落下中的金属柠檬以少女的头部为中心分成四瓣,驱动器容器中的金黄颗粒也突破杯壁向四面八方扩散,随即化成红色的武装衣包裹全身,并装备上亮银色的锁子甲和肢体护具。紧接着,以头部为中心展开的柠檬瓣向前后左右翻下,露出了带犄角的哥特式头盔,而就位的柠檬瓣则收缩演化成金黄的前后板甲和飘逸的同色披风。成熟的大和抚子此刻已披甲执锐,坚固发亮的盔甲保护着挺拔的身姿,黄色与红色为主的甲胄色调搭配非常亮眼,整体造型颇有中世纪西方骑士的风貌,兼具重甲和力量的配置给人以一种强烈的威严感。
就目睹完变身全过程的步梦看来,虽然眼前新出现的骑士无法与数据库中的任何已有记录匹配,但是从对方身上的植物元素和整体造型来看,对方有极大的可能就是来自铠武时空,这意味着只要自己能获得蕴含与铠武同类力量的表盘,就能从根本上消灭不断复活的异类铠武。不过正当步梦想好好和这位突然出现的大和抚子谈谈时,刚变成假面骑士巴隆的少女已经拿起右手中的复合弓,在原地摆出了标准的弓道姿势,投射出的激光校准线在昏暗中是那么显眼,而瞄准的对象显然就是步梦自己……
下一刻,由光束构成的箭矢就已离弦,以正射必中的气势向步梦飞奔而去,而步梦手中刚放下的双持武器也立刻平举开火,既然对方选择用武力来回应和平交涉,那么自己也只能用武力把对面逼到谈判桌上来。时间极限枪的光束弹很快与对面射来的光束箭接触,同为光束组成的弹与箭在对撞中迸发出刺眼的闪光,而一串绿色的光带则以扇形轨迹横贯过闪光中心,向拉弓射箭的那一方扫荡而去。面对正在封锁与校射的并列光束枪和刚刚出膛的能量重弹,巴隆并没有乱了阵脚,只是用左手按压了一下驱动器拉环,右手将弓往侧后用力一甩。
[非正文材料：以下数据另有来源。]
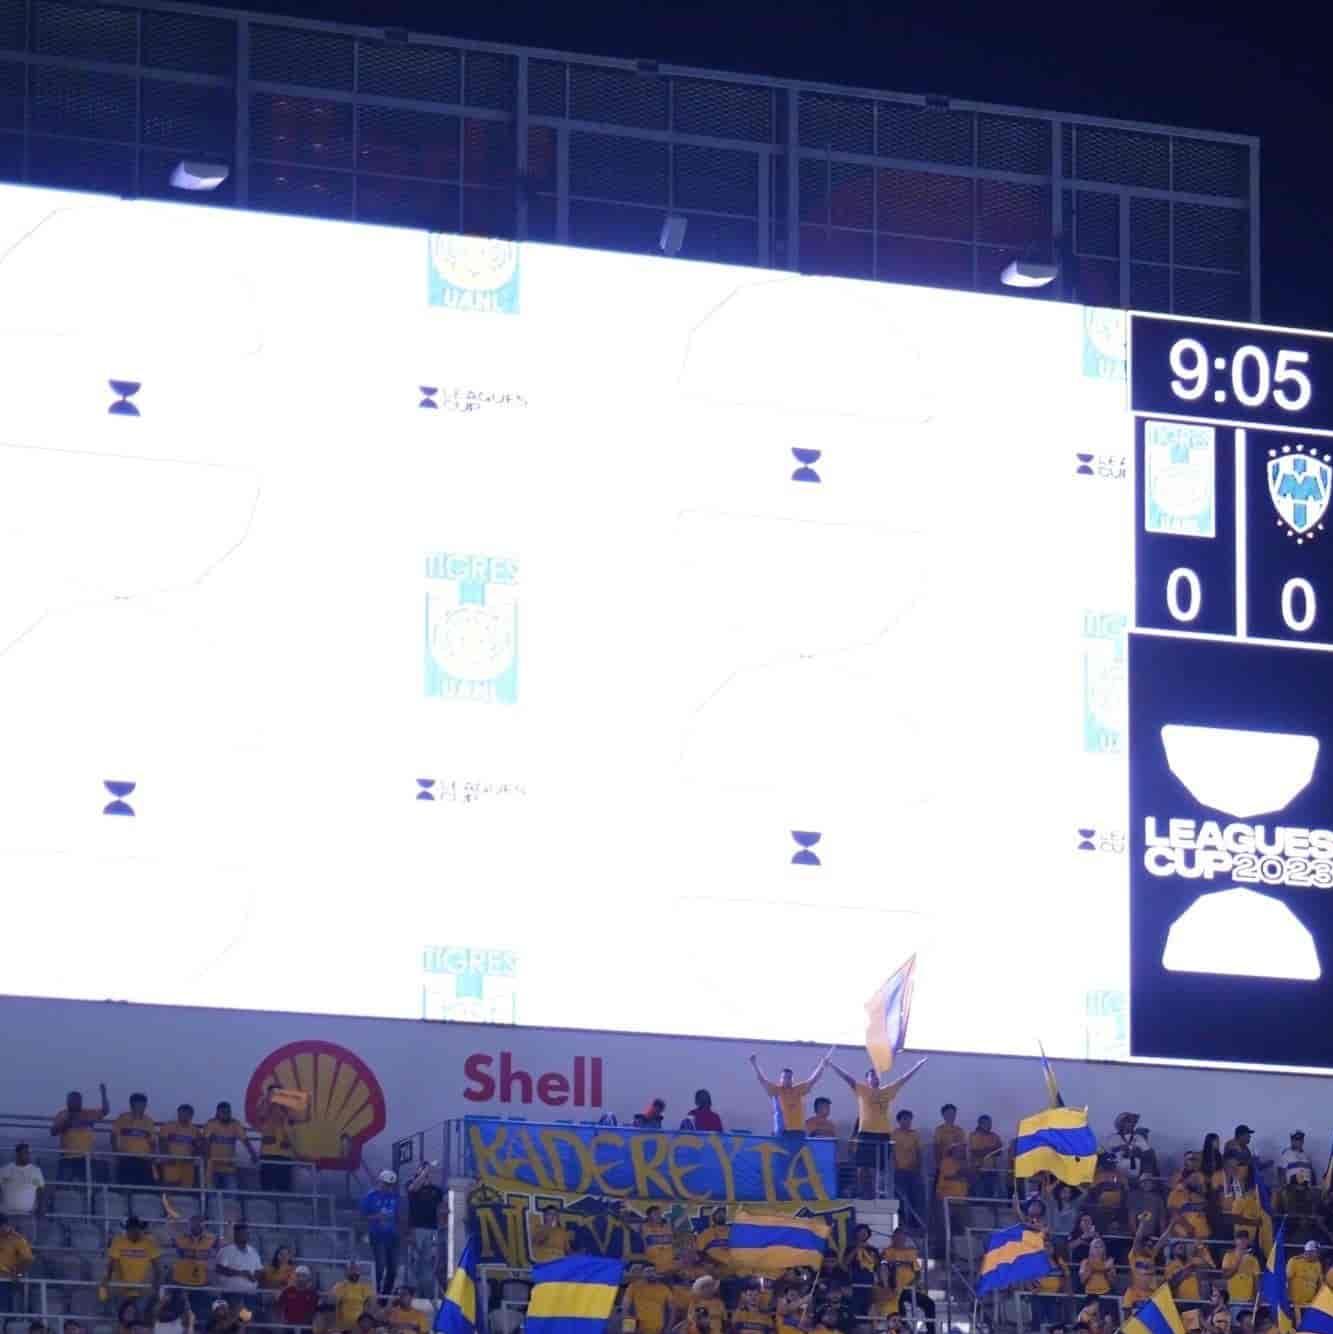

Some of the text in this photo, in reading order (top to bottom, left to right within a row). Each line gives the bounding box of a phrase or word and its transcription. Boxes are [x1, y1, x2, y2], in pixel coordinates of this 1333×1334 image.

驱动器中心的柠檬锁种在挤压后发出亮光,随即向右手传导而去,而复合弓的弓身则在甩动中借着惯性而变成笔直,转化成一柄以原护手为握柄的双头武器,弓臂部分原有的锐利刀刃更是向外沿继续伸出金黄色的能量剑刃。挥舞双头式的战剑,巴隆在闪避中不退反进,不仅砍开了无数道扫射来的激光,还将接近的能量弹削成两半,并在继续前冲离开了爆炸范围。对上转眼间就杀到自己跟前的巴隆,时王装甲中的步梦在为对方的胆识惊讶之余,选择了打开推进器起飞以避开不利于发扬火力的近战局面,同时择机绕过对方侧面以从后背进行攻击。
然而就在提升高度的时王轻松避开巴隆的锋芒绕向更有利的位置时,只见巴隆把驱动器上的柠檬锁种取下并装在弓的握柄上,复合弓则立即从双头武器状态恢复成原状,转动头部让护目镜对准从自己上方飞越的时王,双手中拉开的复合弓则向着正前方发射,又是一发箭矢脱离而出,但直线飞行了没多久就迅速朝上方转向,用了一个锐角大小的转弯就跟上了向后爬升中的时王。后方显示器传回的信息立即发出了警告,步梦简直不敢相信眼前发生的情况,自己正面与对手发射方向的角度已经超过了120度,而箭矢居然可以在离轴角如此大的情况下仍旧能锁定咬住自己。
巴隆迅速射出的一箭是还忙于站位的步梦根本没想到的,此时还在爬升的机体正变得迟钝不已,来不及启用火炮或转身射击,步梦只能侧转且展开手腕上的护盾来抵御愈发逼近的箭矢。转眼间,几倍音速飞来的箭矢就一头撞在能量护盾上,两种不同色泽的光束发出“呲呲”的摩擦声,但就在步梦刚为装备了这款移植自Dark Drive的护盾而暗喜不已时,泛着蓝光的盾面忽然被撤开了一个小洞,接着就是自大臂上传来的重击感。扫了眼微痛的右臂后步梦不由倒抽了口凉气——一根还在摇晃的实体箭矢已经没入了装甲中,所幸被作为最后一层时王本体装甲给拦住。
巴隆的复合弓能发射的不仅有光束箭矢,而且还有实体化的箭矢,后者在包裹了一层光能量后获得了更强的侵彻能力,如果命中的是装甲相对薄弱的关节部位,那么一样能给以强防御著称的坦坦改进型造成巨大伤害,加上可以全向锁定发射的攻击包线,这让步梦不得不打起12分的精神来应对。当眼角的余光瞥见地上亮光一闪时,步梦当机立断地反身迎击,将时间极限枪和满装瓶罐炮前后合体,锁定之后完成发射,凝聚高能量的光束瞬间就烧毁了箭体,不过那支箭后,更多的箭矢已经由巴隆以霰发射击的模式连射而出。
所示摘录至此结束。